We of middle age tend to spend an awful lot of our time caught in the middle of a war between the stuff our mind tells us that we're still youthful enough to do and the stuff our, ahem, changing body and temperament tell us we're crazy to even think about attempting.

Said war, I'm convinced, is what has sparked more than a few "Hold my beer and watch this!" episodes that may not necessarily have ended happily. The big reality check, however, comes with wanting to experience things that, at least on their surface, seem a lot more tame than some stupid prank.

These "tame" pursuits usually involve venturing out in crowded places to enjoy things that our bodies try their best to convince us are best enjoyed in the comfort of one's home recliner, remote in hand.

Take concerts, for instance. There's nothing like the jubilation of experiencing a live performance by a favorite artist ... a jubilation that lasts maybe five minutes before it becomes mixed with physical discomfort and mental crankiness, sources of which include:

• The seats. The danged things just seem to be getting smaller with every visit, even during those times you aren't picking up weight. No matter how you shift, these seats feel like iron-maiden torture devices. Your greatest joy -- along with things like the good stuff on the History Channel and tall toilets -- is sitting in a concert beside seats that remain empty. That means you can actually spread your body and your belongings out a little instead of clutching them around you like a dowager countess at a mixed martial-arts tournament. Scoring an arm rest that isn't monopolized by your spouse on one side and a stranger on the other is a thing of pure joy.
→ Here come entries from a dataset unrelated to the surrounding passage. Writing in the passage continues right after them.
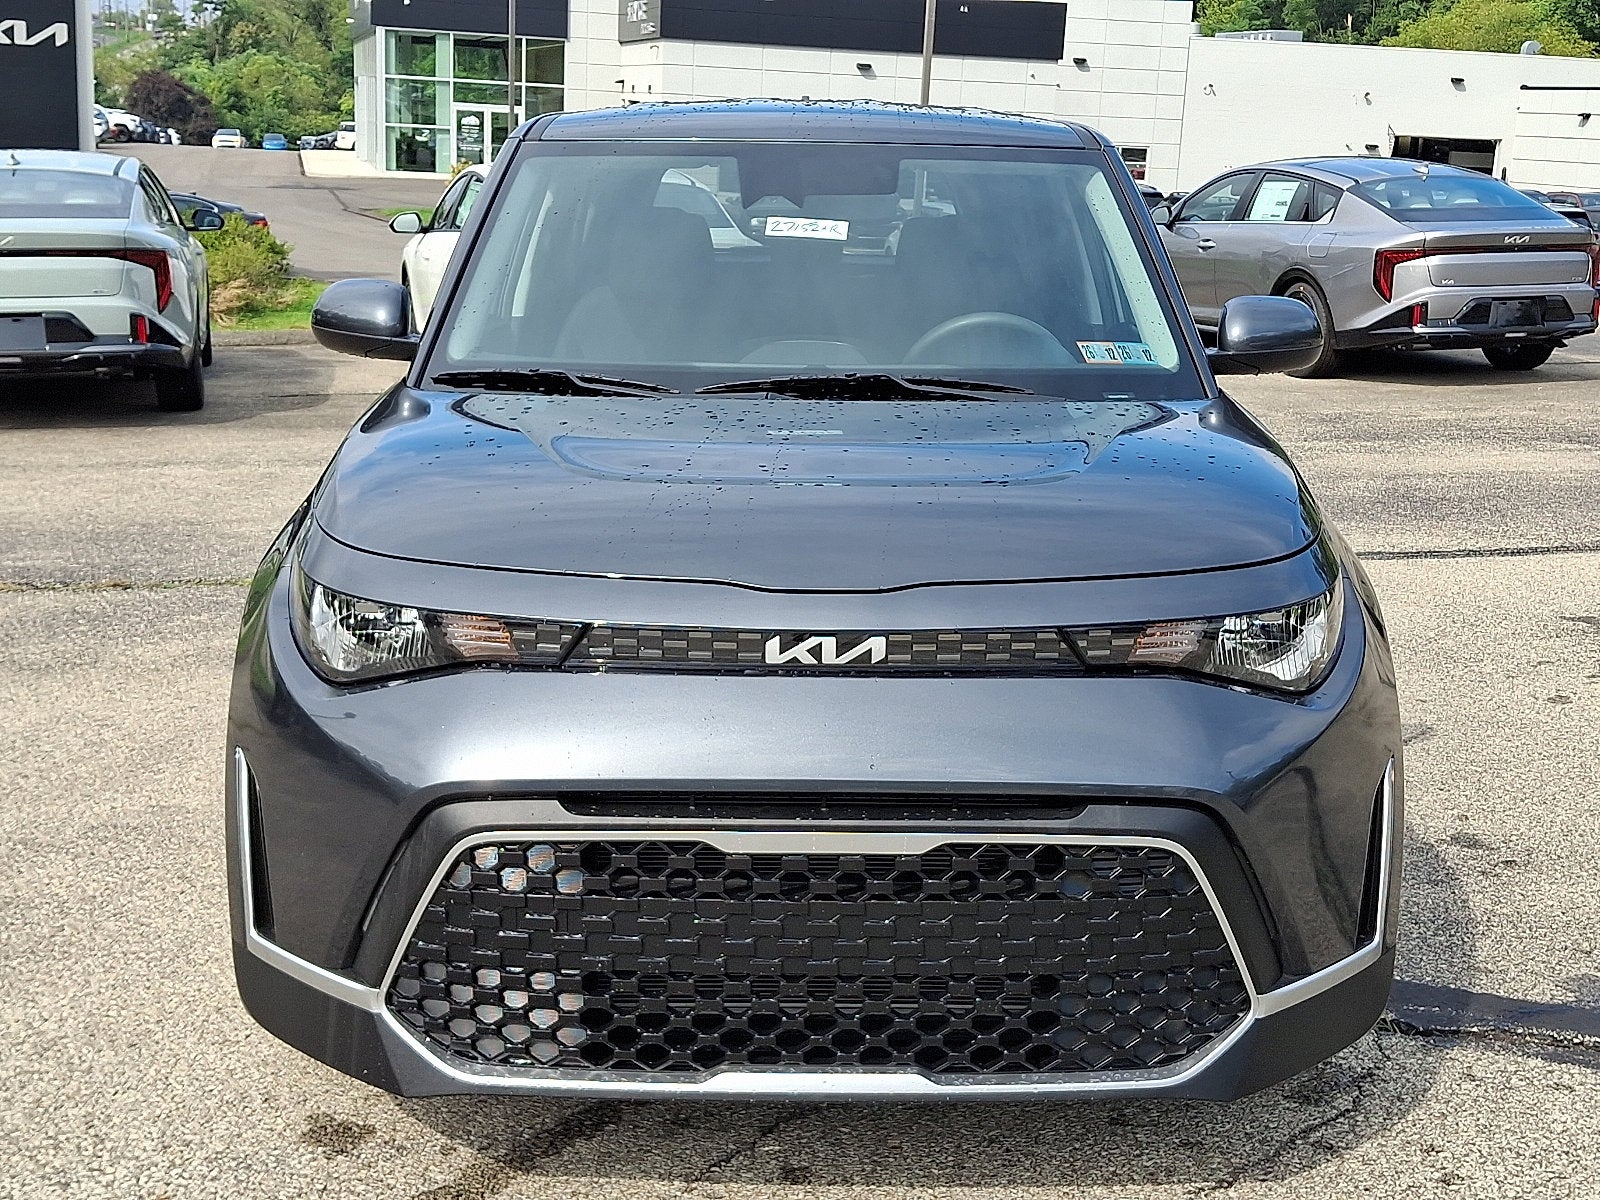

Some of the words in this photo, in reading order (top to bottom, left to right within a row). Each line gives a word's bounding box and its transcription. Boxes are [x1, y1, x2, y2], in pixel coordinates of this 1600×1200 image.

[1081, 344, 1096, 359] 26
[1104, 347, 1118, 361] 12
[1118, 345, 1132, 360] 26
[1141, 348, 1155, 362] 12
[765, 635, 887, 665] KIA
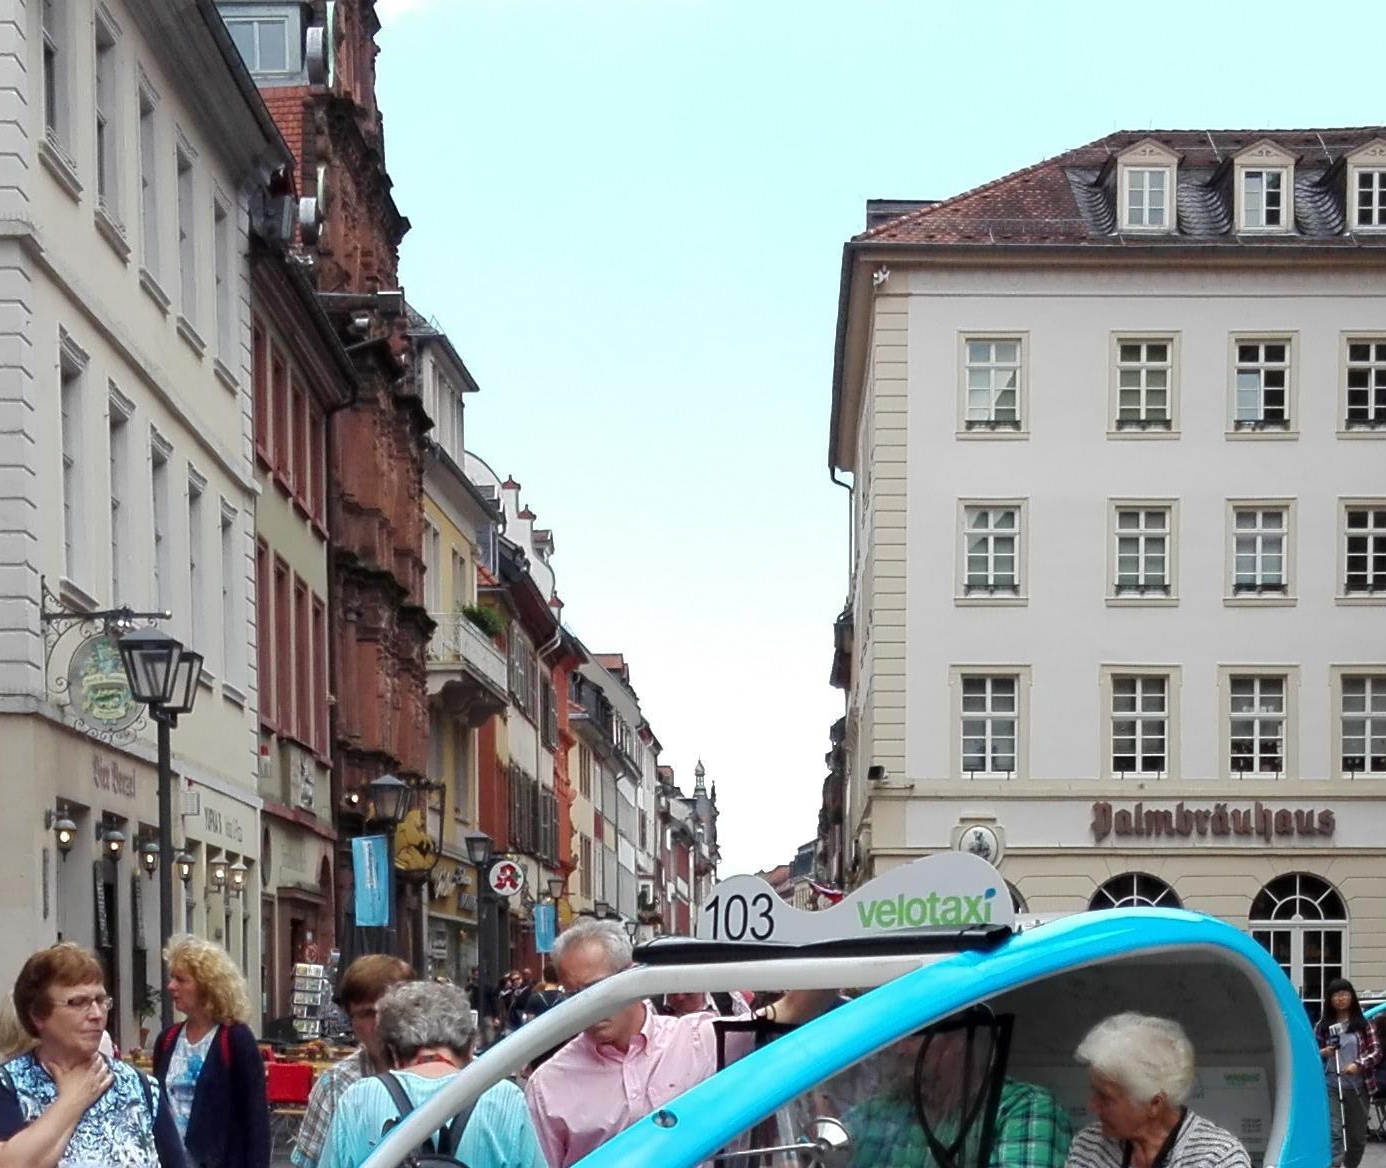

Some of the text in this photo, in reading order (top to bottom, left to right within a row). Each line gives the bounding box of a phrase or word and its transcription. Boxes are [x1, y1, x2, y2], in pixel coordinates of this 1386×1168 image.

[1090, 800, 1336, 844] Palmbräuhaus
[704, 892, 775, 942] 103
[857, 887, 997, 928] velotaxi
• The off-the-decibel-chart sounds. You're not sure what will make you go deaf first: the incessant screaming of the crowd or the make-sure-Beethoven-and-Helen-Keller-can-hear-the-performers sound system. Or the loud booms to go along with their pyrotechnics displays. Um, are they about to burn down the place?
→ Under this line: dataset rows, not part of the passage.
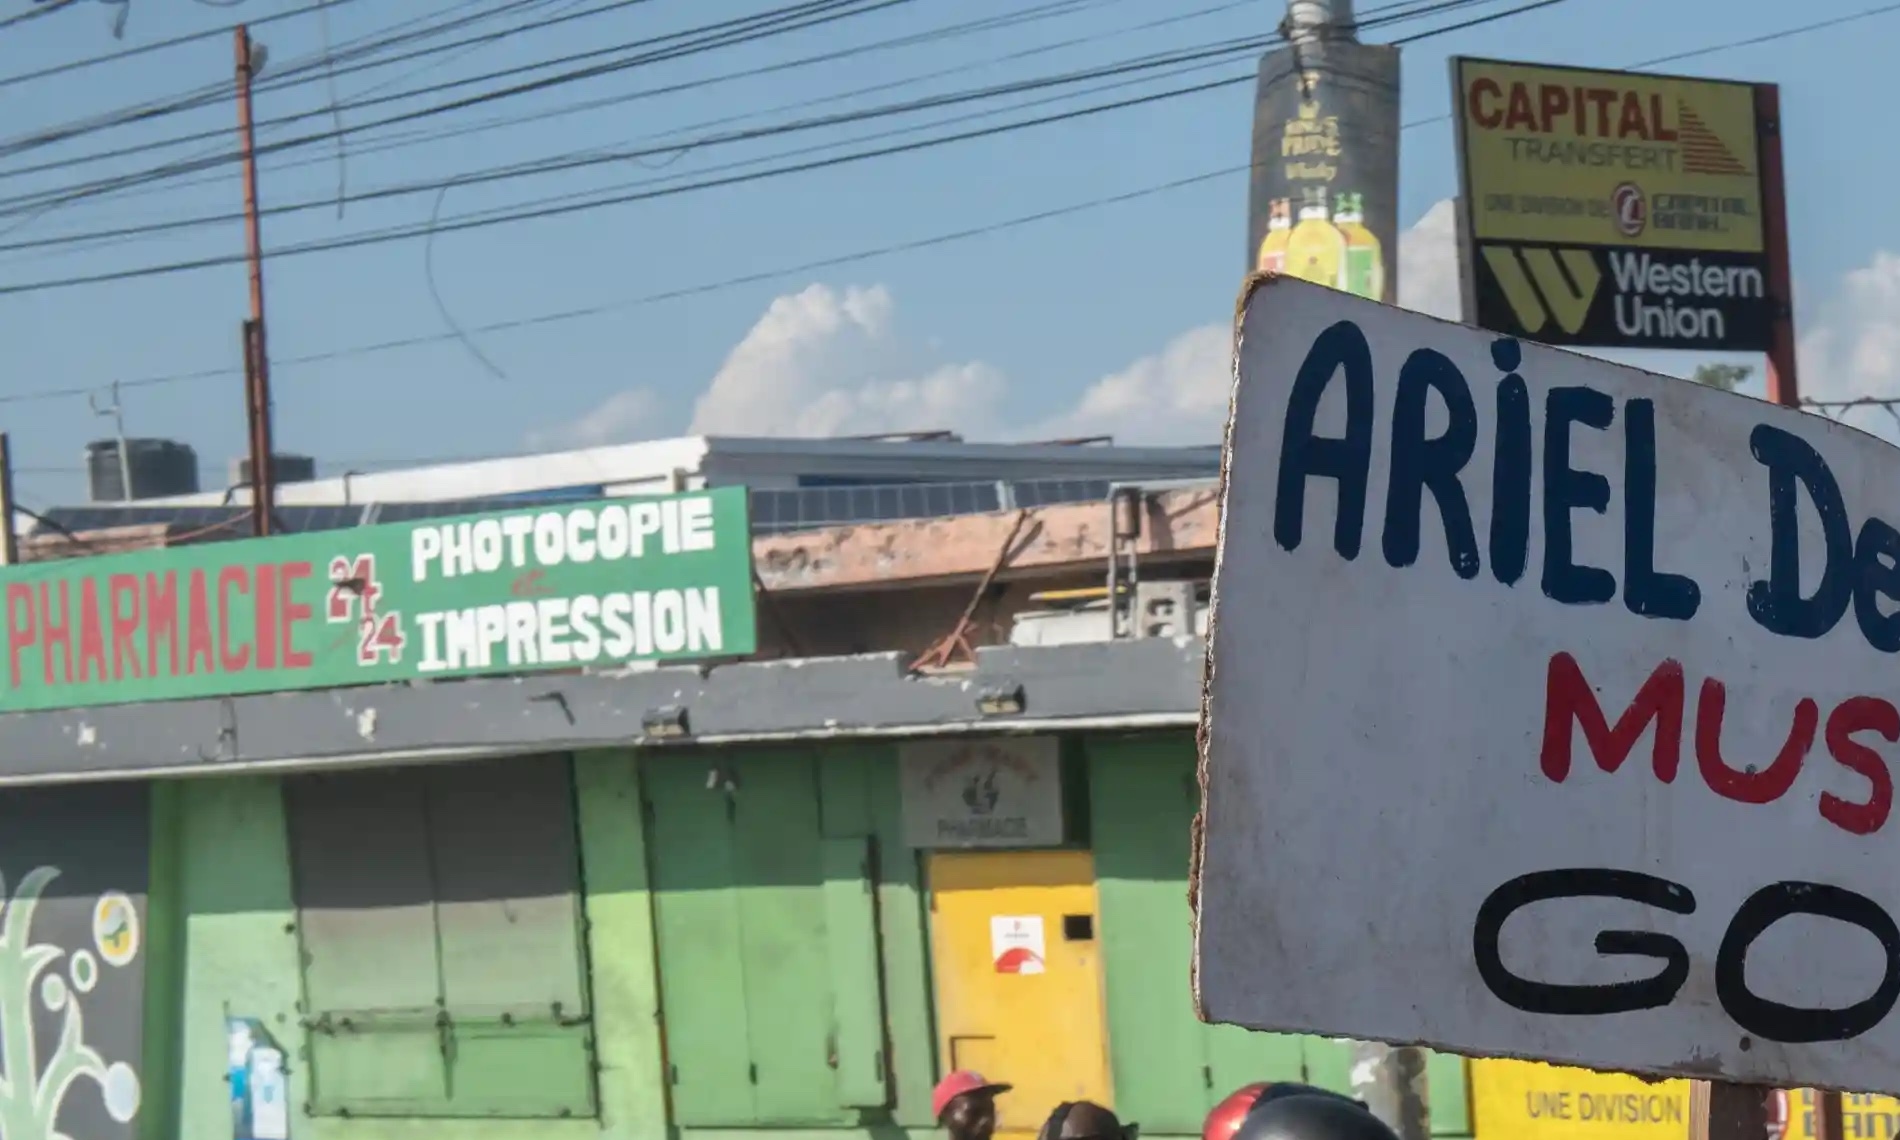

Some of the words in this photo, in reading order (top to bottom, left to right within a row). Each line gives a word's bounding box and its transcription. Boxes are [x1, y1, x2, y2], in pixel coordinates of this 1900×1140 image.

[1469, 77, 1679, 141] CAPITAL
[1503, 136, 1679, 171] TRANSFERT
[1609, 250, 1764, 298] Western
[1614, 295, 1725, 339] Union
[411, 497, 715, 582] PHOTOCOPIE
[6, 560, 313, 690] PHARMACIE
[415, 586, 723, 672] IMPRESSION
[1526, 1090, 1573, 1121] UNE
[1579, 1091, 1682, 1125] DIVISION
• The fact that you don't get to just sit, especially if you're on or near the end of a row. This is usually because:

  1. The same couple of people have to get up to go to the restroom, get beer, get food, buy souvenirs, or go hang out with friends they didn't get to sit by. They apologize each time they ask you to let them out and back in, and you smile and say "Certainly," but after about five apology-laden round trips, your knees are not smiling. When these wanderers reappear with food or drink, you pray they don't spill it on you. And you start to secretly wish you had the nerve to make them pay a toll.
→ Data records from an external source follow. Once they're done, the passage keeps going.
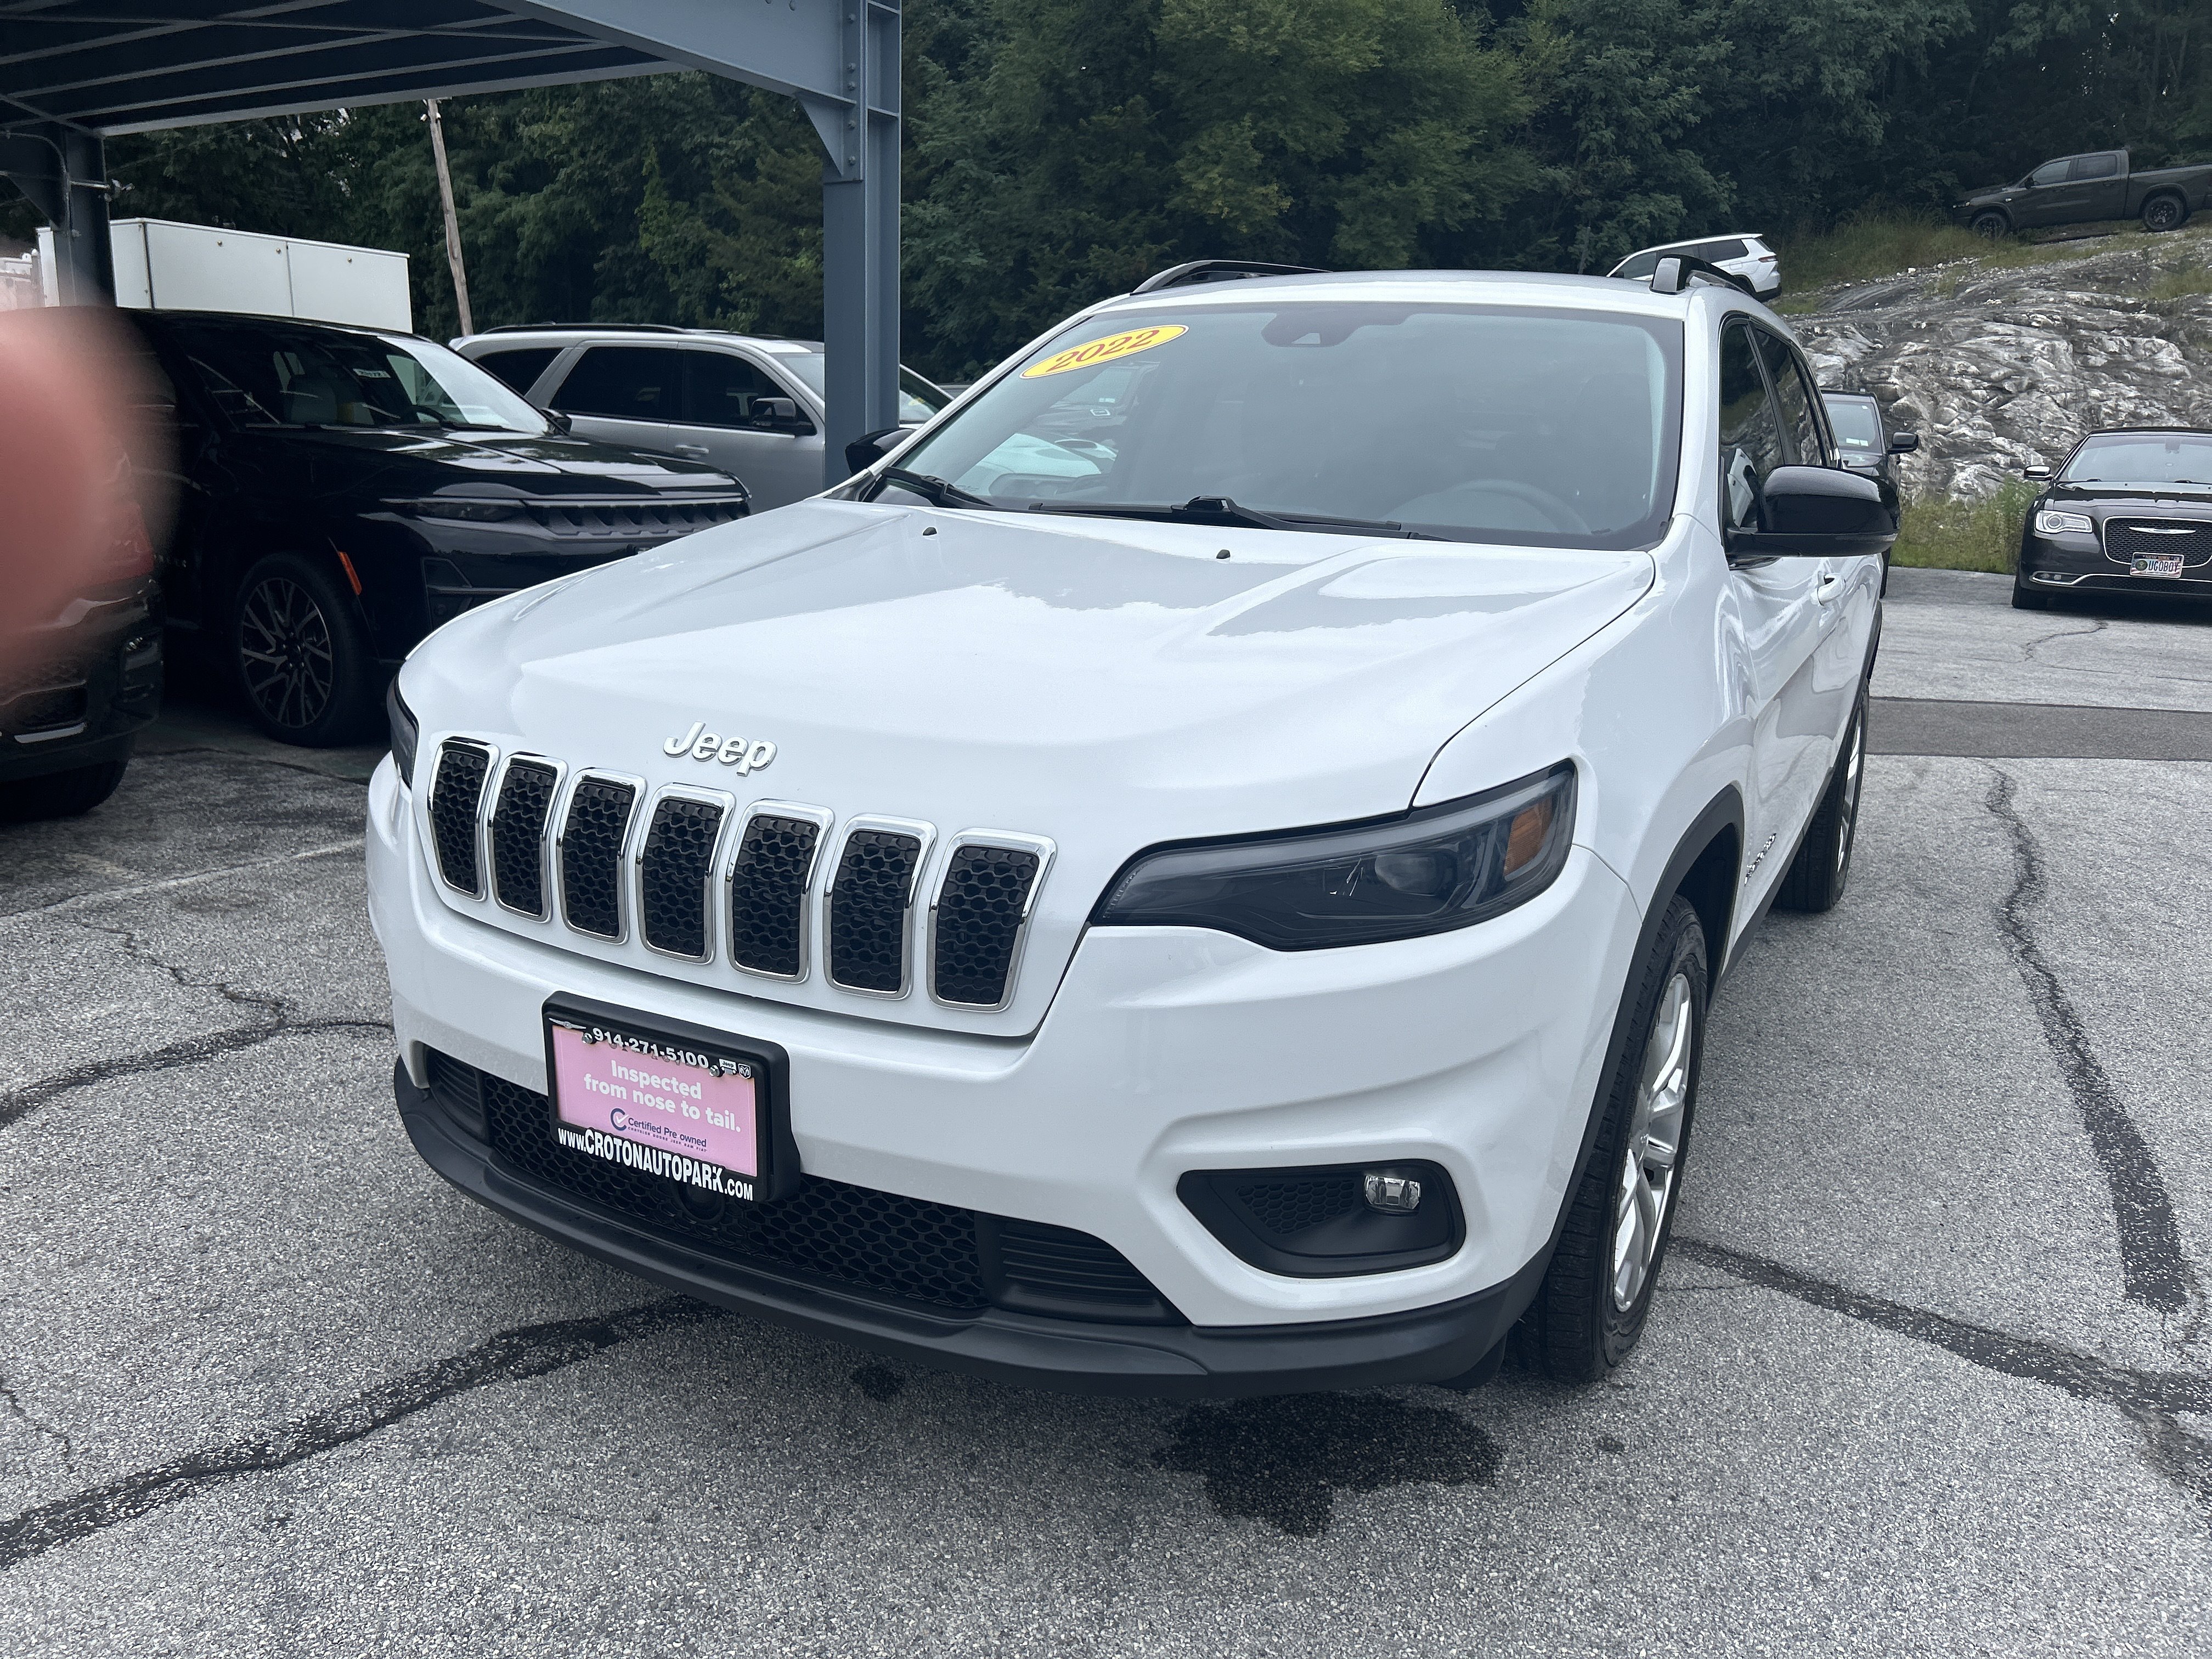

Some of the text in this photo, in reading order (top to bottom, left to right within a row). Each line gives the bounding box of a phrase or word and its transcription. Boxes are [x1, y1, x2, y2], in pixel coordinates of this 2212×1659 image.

[1045, 329, 1160, 373] 2022
[663, 721, 777, 777] Jeep
[592, 1028, 709, 1069] 914-271-5100
[611, 1059, 702, 1099] Inspected
[583, 1073, 742, 1133] from nose to tail.
[628, 1117, 707, 1148] Certified Pre owned
  2. When the performer emerges, everyone hops to their feet to get a better look and/or dance. You would rather stay seated. But you know that if you do, you'll be gazing at someone's head or rear end rather than the the already-too-far-away performer at whom you're squinting through your progressive bifocals or contacts worn "monovision" style. Again, your knees are not happy.

  3. Of your own need to get up and run to the restroom, which is usually why you get a seat at the end of the row in the first place. Bottom line: You'd rather be crawled over by others than have to crawl over others.

• The end-of-concert stampede, which brings its own internal struggle. Part of you wants to stay and hear the very last note sung, especially as there's always the chance of an encore. Part of you feels the urgency to get the heck up, run (or limp ... those knees, mind you) up/down the stairs and scurry out of the building so that you'll beat the stampede out of the place, then hop in your car and burn rubber out of the parking lot to avoid being stuck in the mother of all traffic jams.

• The concert food and drink you may have given in to the temptation to enjoy, little of which is good for you and much of which may cause your stomach to be just as angry at you as your knees are.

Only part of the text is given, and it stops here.